:: MATERIAL FOR THIS TASK ::

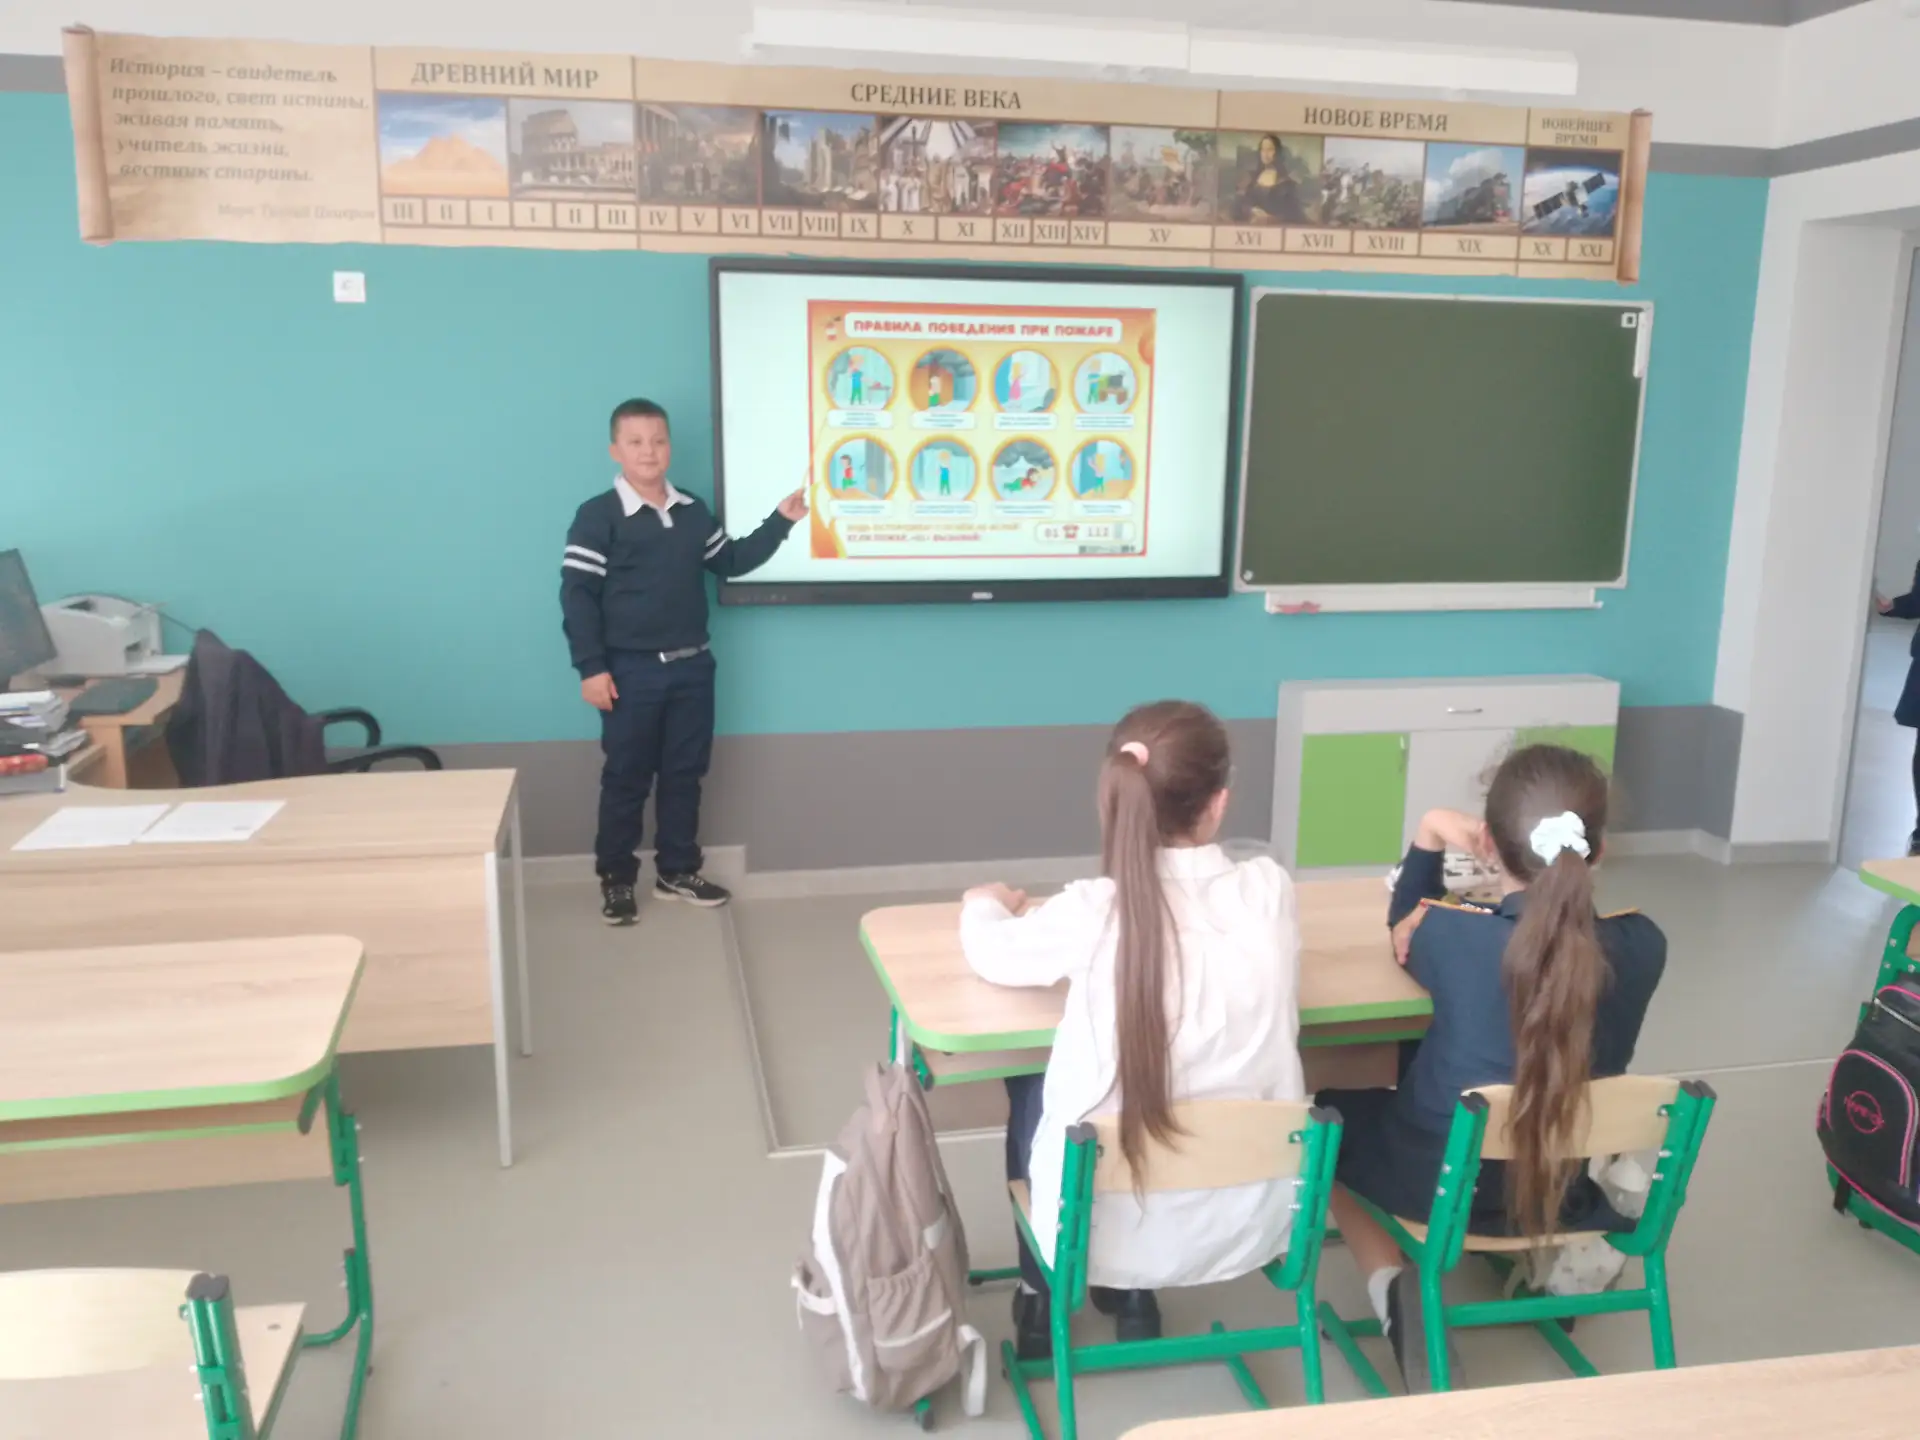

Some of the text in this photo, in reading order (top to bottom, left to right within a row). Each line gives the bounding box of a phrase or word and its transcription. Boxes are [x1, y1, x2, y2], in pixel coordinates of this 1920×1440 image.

[110, 57, 206, 80] История
[226, 64, 338, 83] свидетель
[411, 61, 600, 89] ДРЕВНИЙ МИР
[112, 85, 221, 106] прошлого,
[226, 91, 277, 106] свет
[851, 83, 1023, 110] СРЕДНИЕ ВЕКА
[114, 111, 284, 133] живая память,
[1303, 107, 1449, 132] НОВОЕ ВРЕМЯ
[1542, 117, 1615, 133] НОВЕЙШЕЕ
[116, 137, 208, 155] учитель
[1555, 133, 1599, 147] ВРЕМЯ
[120, 164, 314, 184] вестник старины.
[393, 202, 1604, 258] III II I I II III IV V VI VII VIII IX X XI XII XIII XIV XV XVI XVII XVIII XIX XX XXI
[854, 320, 1114, 338] ПРАВИЛА ПОВЕДЕНИЯ ПРИ ПОЖАРЕ
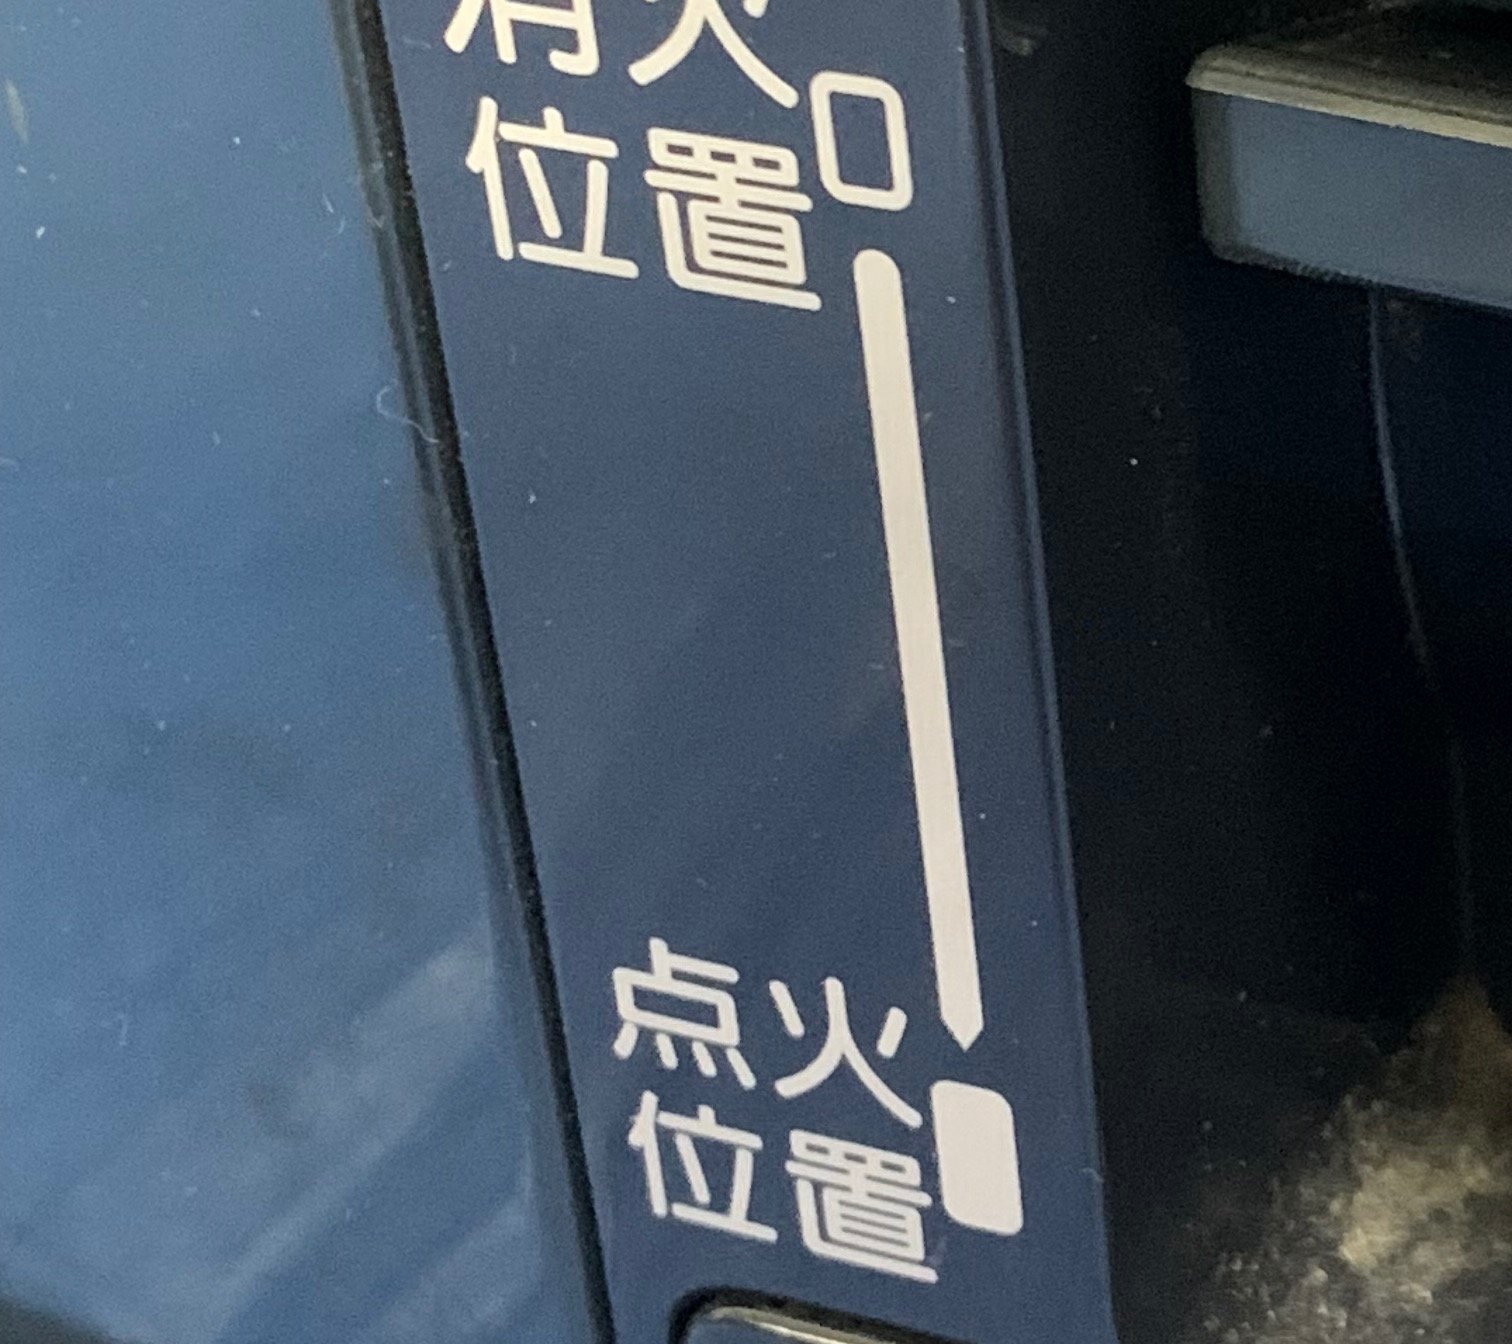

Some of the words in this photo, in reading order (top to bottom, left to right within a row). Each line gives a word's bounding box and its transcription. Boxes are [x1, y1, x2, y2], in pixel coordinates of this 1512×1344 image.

:::

**DIRECTIONS**
Could you set down every entry above exactly as it stands, with no images?

**WRITTEN SOLUTION**
Some of the text in this photo, in reading order (top to bottom, left to right within a row). Each line gives the bounding box of a phrase or word and its transcription. Boxes are [x1, y1, x2, y2], in pixel coordinates of this 1920×1440 image.

[110, 57, 206, 80] История
[226, 64, 338, 83] свидетель
[411, 61, 600, 89] ДРЕВНИЙ МИР
[112, 85, 221, 106] прошлого,
[226, 91, 277, 106] свет
[851, 83, 1023, 110] СРЕДНИЕ ВЕКА
[114, 111, 284, 133] живая память,
[1303, 107, 1449, 132] НОВОЕ ВРЕМЯ
[1542, 117, 1615, 133] НОВЕЙШЕЕ
[116, 137, 208, 155] учитель
[1555, 133, 1599, 147] ВРЕМЯ
[120, 164, 314, 184] вестник старины.
[393, 202, 1604, 258] III II I I II III IV V VI VII VIII IX X XI XII XIII XIV XV XVI XVII XVIII XIX XX XXI
[854, 320, 1114, 338] ПРАВИЛА ПОВЕДЕНИЯ ПРИ ПОЖАРЕ

Some of the words in this photo, in reading order (top to bottom, left to right within a row). Each line gives a word's bounding box and its transcription. Boxes are [x1, y1, x2, y2], in pixel coordinates of this 1512×1344 image.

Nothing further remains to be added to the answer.